Investing in American business still good bet long term
On Feb. 12, the Dow Jones Industrial Average on the New York Stock Exchange stood at 29,551 points. By last Friday, it had plunged to 21,636.
Though the DJIA is just one measure of the value of securities worldwide, it is one seen widely as a guide to performance of the markets in general. Losses on the scale of the DJIA – more than one-fourth of its value shed in six weeks – are the rule rather than the exception.
That has hurt tens of millions of Americans badly. With retirement savings invested heavily in stocks, many know they will have to stay at work for years longer than they had hoped. Some may be resigned to never retiring.
Matters have improved to some extent. The Dow has rebounded from a March 23 low of 18,591, largely on the strength of the $2.2 trillion CARES Act approved by Congress last week. Another factor in the improvement has been recognition that, though COVID-19 has affected corporations, most remain fundamentally solid.
Still, the market was overdue for what analysts call a “correction.” That term is used when holders of securities come to the realization that a bull market was based more on optimism than the real value of companies whose stocks are traded.
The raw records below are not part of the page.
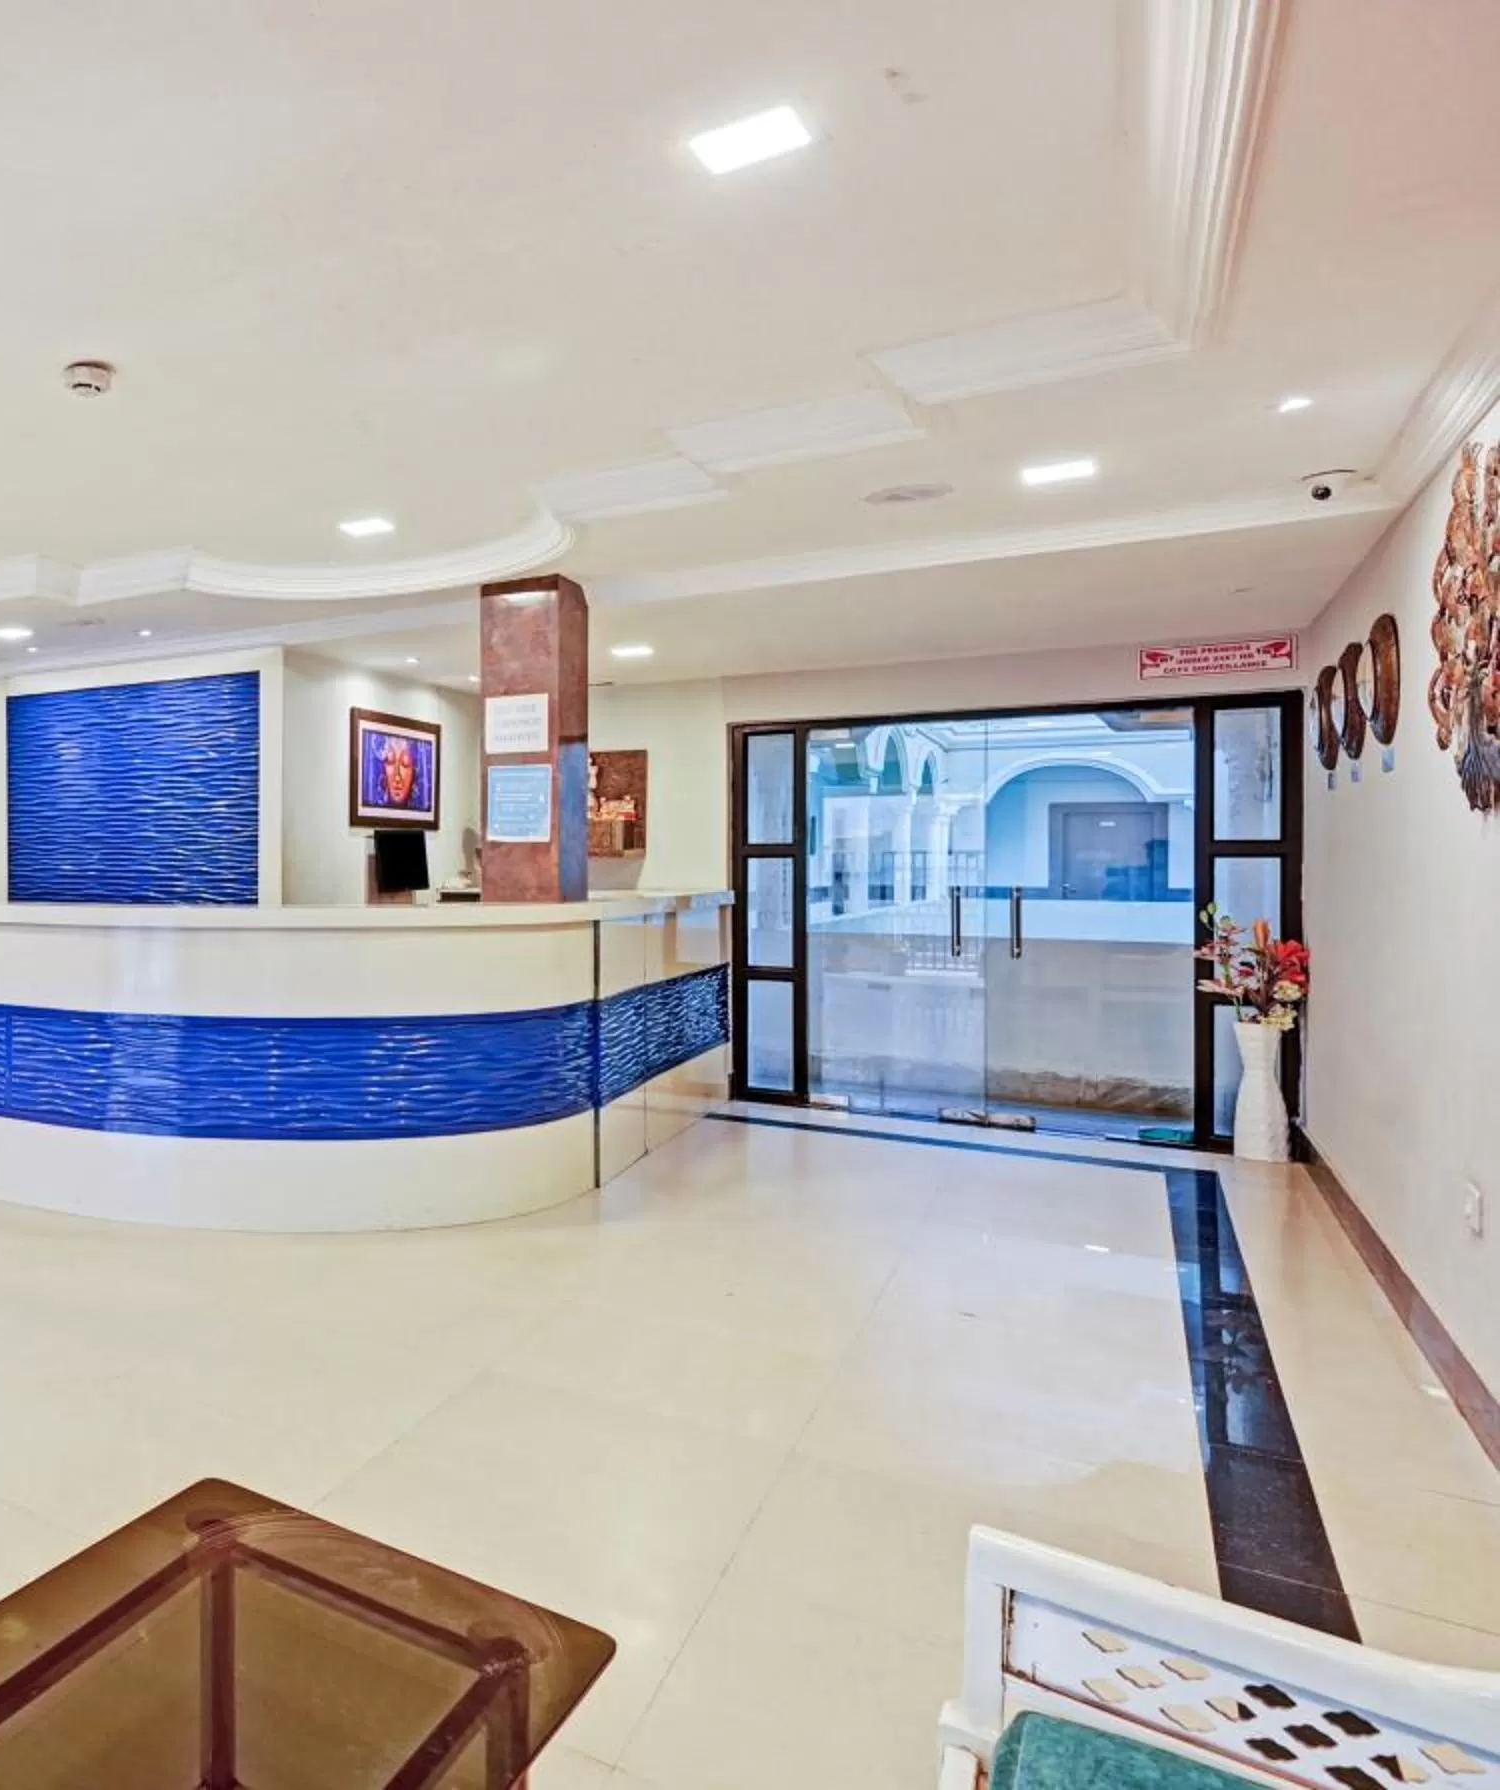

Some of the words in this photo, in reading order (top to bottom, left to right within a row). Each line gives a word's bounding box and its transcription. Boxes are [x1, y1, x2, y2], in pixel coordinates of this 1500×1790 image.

[1180, 648, 1198, 656] THE
[1176, 656, 1210, 664] UNDER
[1163, 666, 1189, 674] CCTV
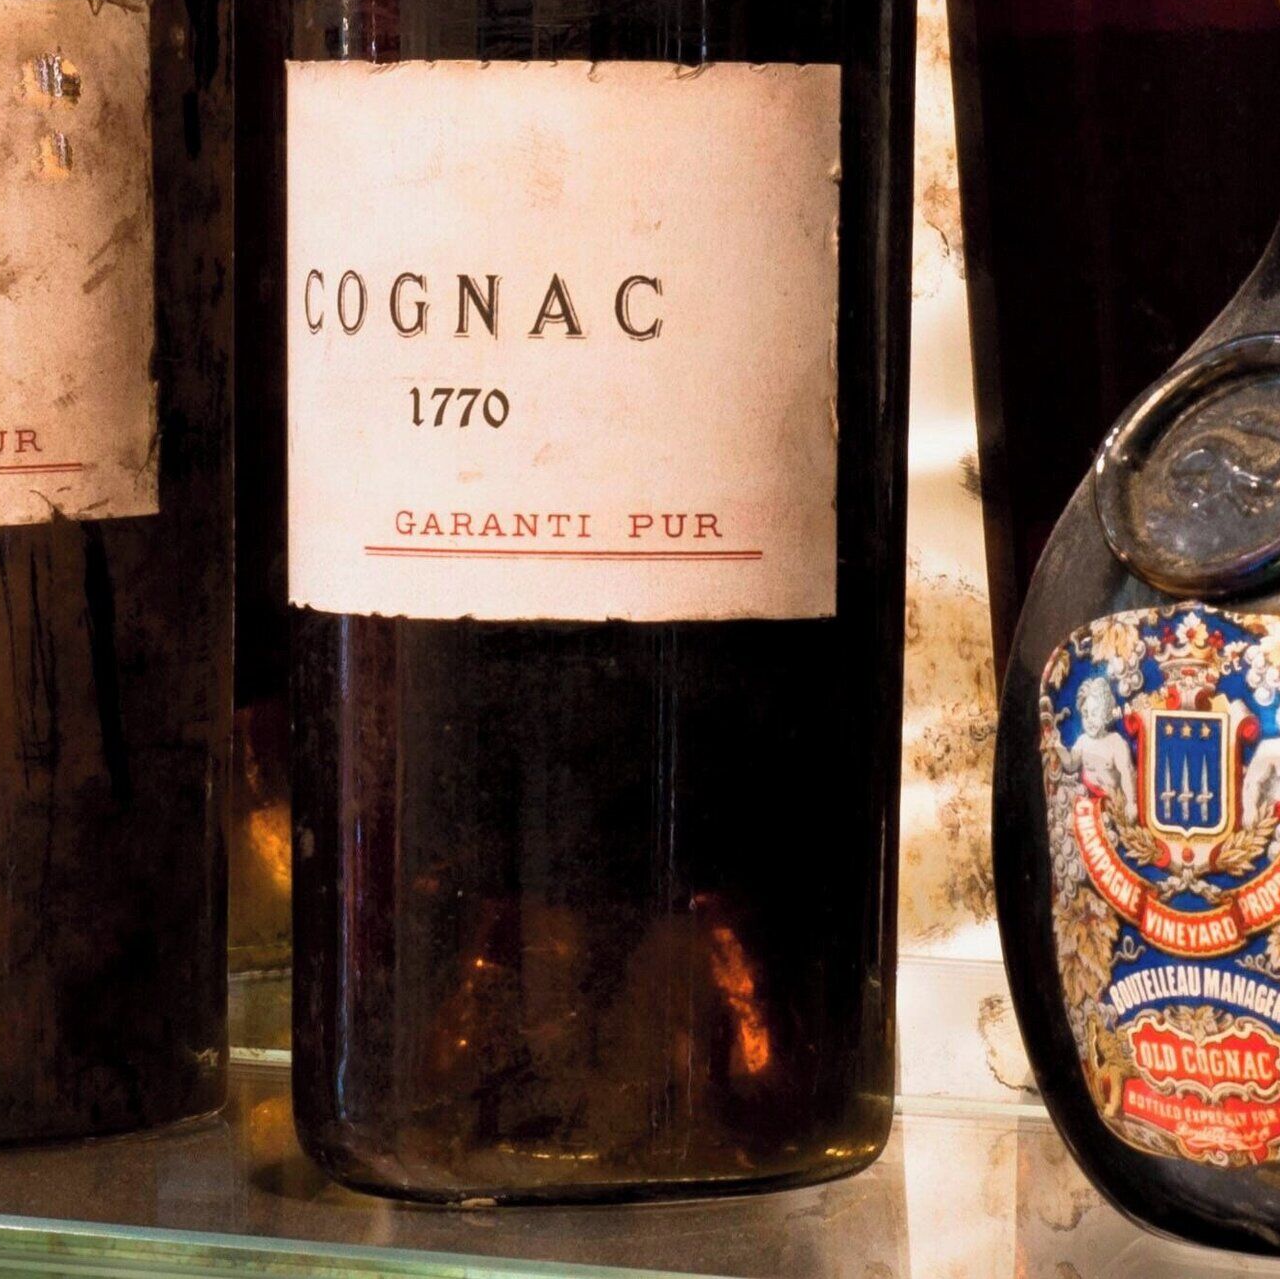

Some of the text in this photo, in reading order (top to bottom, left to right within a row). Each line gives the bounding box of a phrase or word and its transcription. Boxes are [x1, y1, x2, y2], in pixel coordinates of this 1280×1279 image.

[304, 269, 663, 341] COGNAC
[408, 387, 510, 429] 1770
[394, 510, 723, 539] GARANTI PUR
[1075, 798, 1142, 913] CHAMPAGNE
[1143, 910, 1238, 947] VINEYARD
[1109, 965, 1201, 1015] BOUTELLEAU
[1139, 1040, 1273, 1080] OLD COGNAC
[1128, 1090, 1182, 1121] BOTTLED
[1250, 1106, 1277, 1126] FOR
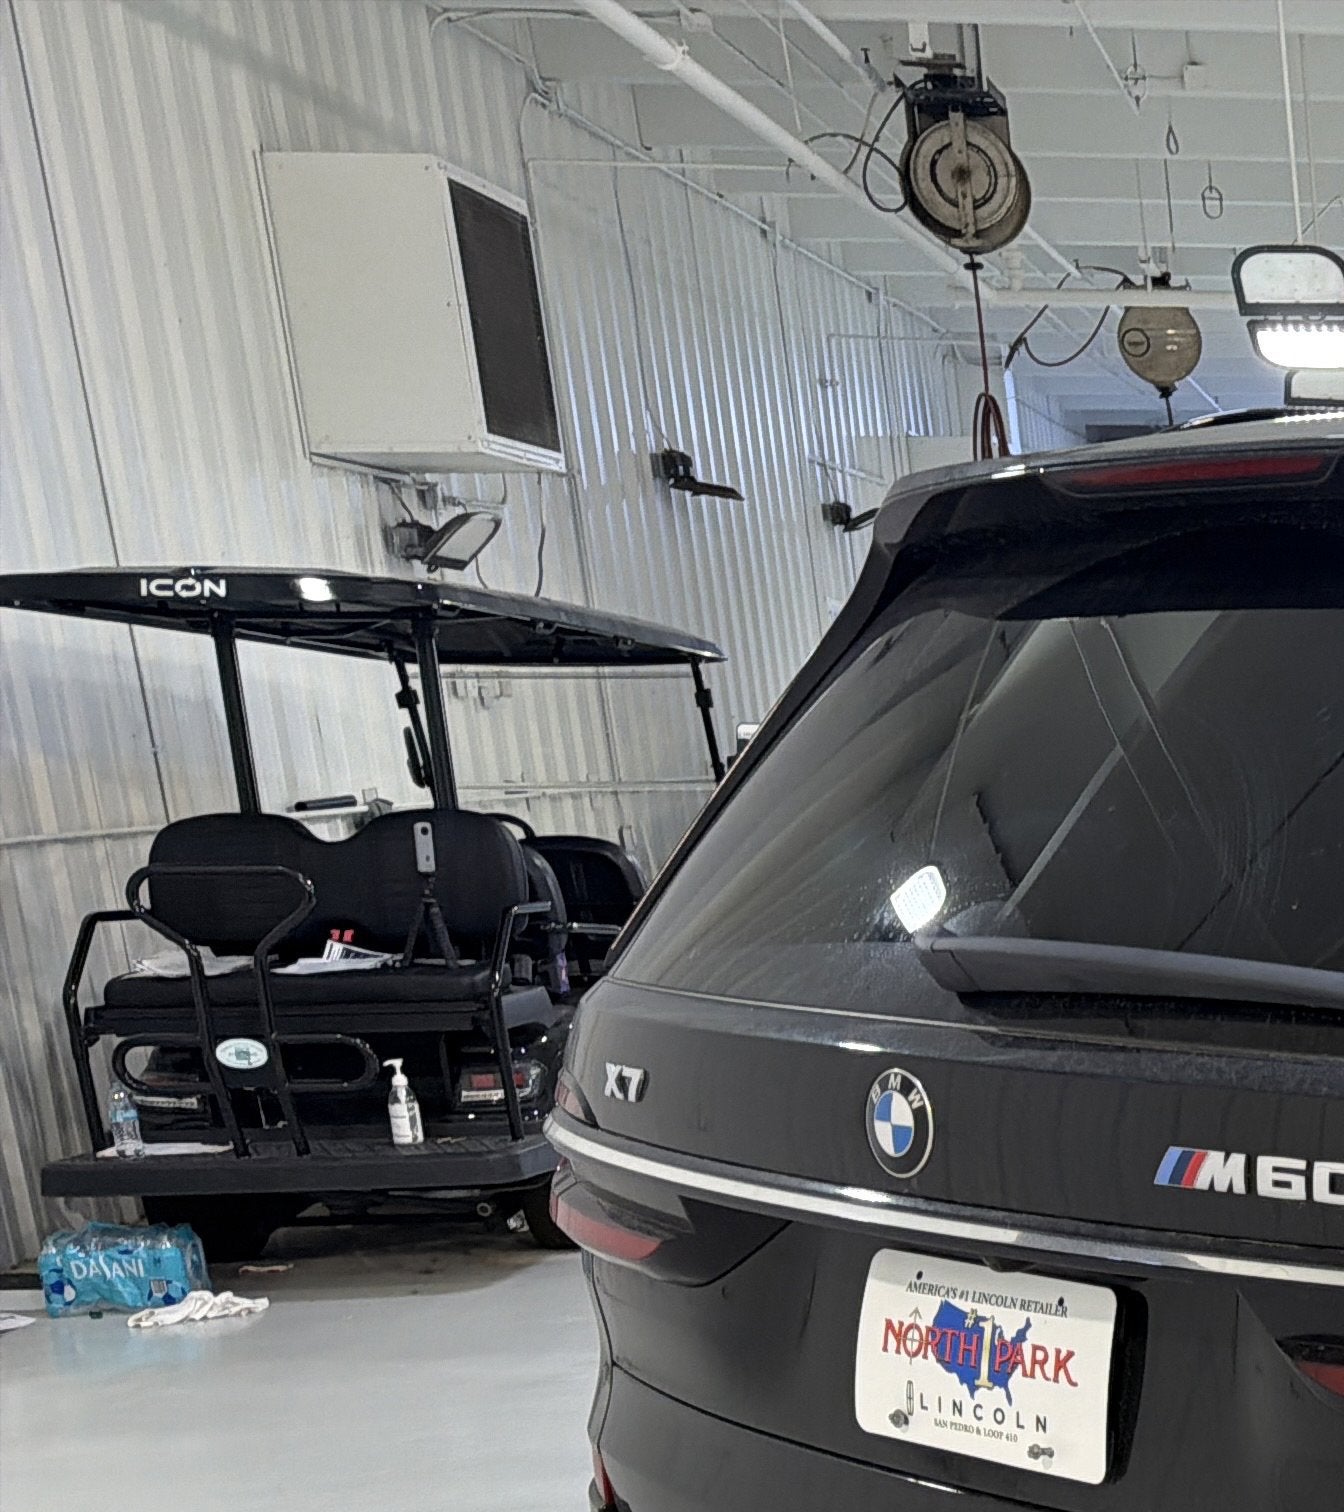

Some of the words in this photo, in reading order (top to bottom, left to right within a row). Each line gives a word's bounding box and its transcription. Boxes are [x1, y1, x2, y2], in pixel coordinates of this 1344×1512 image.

[140, 577, 227, 598] ICON
[604, 1061, 645, 1102] X7
[871, 1073, 924, 1110] BMW
[70, 1252, 145, 1281] DASANI
[905, 1280, 958, 1299] AMERICA'S
[958, 1289, 970, 1302] #1
[971, 1290, 1018, 1310] LINCOLN
[1019, 1299, 1068, 1318] RETAILER
[882, 1318, 980, 1368] NORTH
[994, 1339, 1079, 1387] PARK
[919, 1392, 1048, 1434] LINCOLN
[949, 1421, 975, 1434] PEDRO
It is entirely possible that, even after the coronavirus scare has passed, stocks will not go back up to their pre-crisis level quickly. That would be a reflection of understanding that some stocks were overpriced before the outbreak struck.
The bottom line, then, is that many people with 401K savings and similar retirement accounts will take a substantial hit, from which it will take many months, perhaps years, to recover.
Still, investing in American business remains a good bet for the long term. COVID-19 has hurt the economy badly. But, because of the very working men and women who have lost investment money because of the epidemic, we will rebound.
It will take more than a microscopic bug to harm our economy permanently.